The General Confederation of Greek Workers (GSEE), in Greek Γ.Σ.Ε.Ε, is the highest, tertiary trade union body in Greece. It was founded in 1918 and is affiliated with the International Trade Union Confederation.

GSEE is made up of 83 worker unions and 74 departmental secondary confederations. Its primary purpose is defending the interests of all private sector workers in Greece. To that purpose, it negotiates with the employer unions the signing of national union labour agreements and also has the ability to call all workers of the private sector on strike in case the need arises.

GSEE has established a number of supporting institutes.

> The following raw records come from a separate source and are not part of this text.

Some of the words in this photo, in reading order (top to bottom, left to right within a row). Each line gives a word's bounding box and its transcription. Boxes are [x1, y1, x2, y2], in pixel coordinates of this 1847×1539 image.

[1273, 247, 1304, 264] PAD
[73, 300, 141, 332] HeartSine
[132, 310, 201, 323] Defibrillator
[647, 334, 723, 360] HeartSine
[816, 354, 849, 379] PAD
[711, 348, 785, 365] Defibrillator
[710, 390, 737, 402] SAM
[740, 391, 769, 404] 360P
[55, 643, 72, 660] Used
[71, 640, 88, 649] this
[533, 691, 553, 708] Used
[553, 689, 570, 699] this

INE/GSEE-ADEDY is tasked with the provision of GSEE and ADEDY, the equivalent of GSEE in the public sector, of formulated scientific data reports which GSEE and ADEDY use for the scientific validations of their argumentation when dealing with the employers. KE.PE.A is tasked with the provision of information and legal advice to all workers and unemployed people in Greece. A.RIS.TOS is tasked with the tracking and filling of the historical evidence of all worker unions in Greece. KANEP/GSEE is tasked with the support of policy of GSEE in education and the R&D field.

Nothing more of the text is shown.